Question : A potential difference is set up between the plates of a parallel plate capacitor by a battery and then the battery is removed if the distance between the plates is decreased then how the
(i) charge
(ii) potential difference
(iii) electric field
(iv) energy and
(v) energy density will change?
Doubt by Shaurya
Solution :
Battery is removed and distance (d) between the plates of the capacitor is decreased.

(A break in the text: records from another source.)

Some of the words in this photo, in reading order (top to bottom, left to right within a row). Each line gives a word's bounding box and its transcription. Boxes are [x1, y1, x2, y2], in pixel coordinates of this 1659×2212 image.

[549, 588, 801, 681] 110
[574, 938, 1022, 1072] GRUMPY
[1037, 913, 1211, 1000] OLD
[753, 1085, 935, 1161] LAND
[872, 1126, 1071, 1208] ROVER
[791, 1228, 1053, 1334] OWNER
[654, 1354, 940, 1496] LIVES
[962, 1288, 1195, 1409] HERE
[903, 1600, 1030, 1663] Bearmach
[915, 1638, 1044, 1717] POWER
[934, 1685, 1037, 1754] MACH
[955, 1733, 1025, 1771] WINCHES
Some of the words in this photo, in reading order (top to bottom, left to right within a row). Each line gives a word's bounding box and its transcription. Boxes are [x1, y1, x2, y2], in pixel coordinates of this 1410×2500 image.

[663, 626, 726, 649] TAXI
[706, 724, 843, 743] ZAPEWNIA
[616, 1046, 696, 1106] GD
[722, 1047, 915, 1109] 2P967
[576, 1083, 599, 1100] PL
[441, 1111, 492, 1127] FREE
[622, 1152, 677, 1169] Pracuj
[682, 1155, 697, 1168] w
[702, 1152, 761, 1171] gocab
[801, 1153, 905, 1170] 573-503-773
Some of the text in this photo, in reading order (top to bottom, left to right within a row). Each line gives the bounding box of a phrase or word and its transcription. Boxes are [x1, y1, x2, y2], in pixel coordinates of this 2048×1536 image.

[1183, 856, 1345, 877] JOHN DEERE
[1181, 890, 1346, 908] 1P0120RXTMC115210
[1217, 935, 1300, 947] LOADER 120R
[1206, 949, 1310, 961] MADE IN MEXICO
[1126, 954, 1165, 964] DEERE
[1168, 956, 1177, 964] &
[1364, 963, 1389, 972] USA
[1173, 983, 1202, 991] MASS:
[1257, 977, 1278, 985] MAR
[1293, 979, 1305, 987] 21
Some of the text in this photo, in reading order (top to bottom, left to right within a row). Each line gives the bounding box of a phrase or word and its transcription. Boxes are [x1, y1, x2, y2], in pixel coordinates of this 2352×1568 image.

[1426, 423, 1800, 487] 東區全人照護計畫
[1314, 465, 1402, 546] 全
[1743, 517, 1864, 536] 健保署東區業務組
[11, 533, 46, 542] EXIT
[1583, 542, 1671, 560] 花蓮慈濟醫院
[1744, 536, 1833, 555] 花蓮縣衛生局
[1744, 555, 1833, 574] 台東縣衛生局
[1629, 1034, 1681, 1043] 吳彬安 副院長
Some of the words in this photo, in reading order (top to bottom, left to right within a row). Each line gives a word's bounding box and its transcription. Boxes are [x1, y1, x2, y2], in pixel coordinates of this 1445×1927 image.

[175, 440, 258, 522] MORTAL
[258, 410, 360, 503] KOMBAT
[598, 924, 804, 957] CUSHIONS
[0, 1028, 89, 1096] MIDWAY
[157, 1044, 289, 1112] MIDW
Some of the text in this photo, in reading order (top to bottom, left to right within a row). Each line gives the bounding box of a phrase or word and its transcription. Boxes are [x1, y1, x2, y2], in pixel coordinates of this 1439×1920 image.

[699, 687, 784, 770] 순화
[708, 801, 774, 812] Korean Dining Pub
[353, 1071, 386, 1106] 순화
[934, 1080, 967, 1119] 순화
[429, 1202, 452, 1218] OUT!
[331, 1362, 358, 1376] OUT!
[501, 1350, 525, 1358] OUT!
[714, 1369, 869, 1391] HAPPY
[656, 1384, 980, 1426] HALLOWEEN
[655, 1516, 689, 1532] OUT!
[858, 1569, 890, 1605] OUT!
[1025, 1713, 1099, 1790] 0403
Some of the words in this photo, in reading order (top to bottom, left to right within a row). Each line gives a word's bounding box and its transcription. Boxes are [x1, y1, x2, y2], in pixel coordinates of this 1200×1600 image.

(i) Since the battery is removed so no new charge could be added and as per the law of conservation of changes, the total charge on the plates of the capacitor will remain same. Hence, the chrage will remain same.
(ii) We know
E=V/d
V=Ed
V=[σ/ε₀]d
V=(q/A)d/ε₀
V=qd/Aε₀
Clearly
V∝d
So when d decreses then potential also decreases.
(iii) We know
E=V/d
E=[qd/Aε₀]/d [From Part (iii)]
E=q/Aε₀
Clearly
Electric field is independ of d. So E will remain same.
(iv) We know
Energy
U=½qV
U=½q(qd/Aε₀) [From Part (ii)]
U=½q²d/Aε₀
Clarly
U∝d
So when d decreses then energy also decreases.
Energy Density (u)
u=½ε₀E²
As per part (iii) Electric Field remains constant.
So, Energy Density, reamins constant.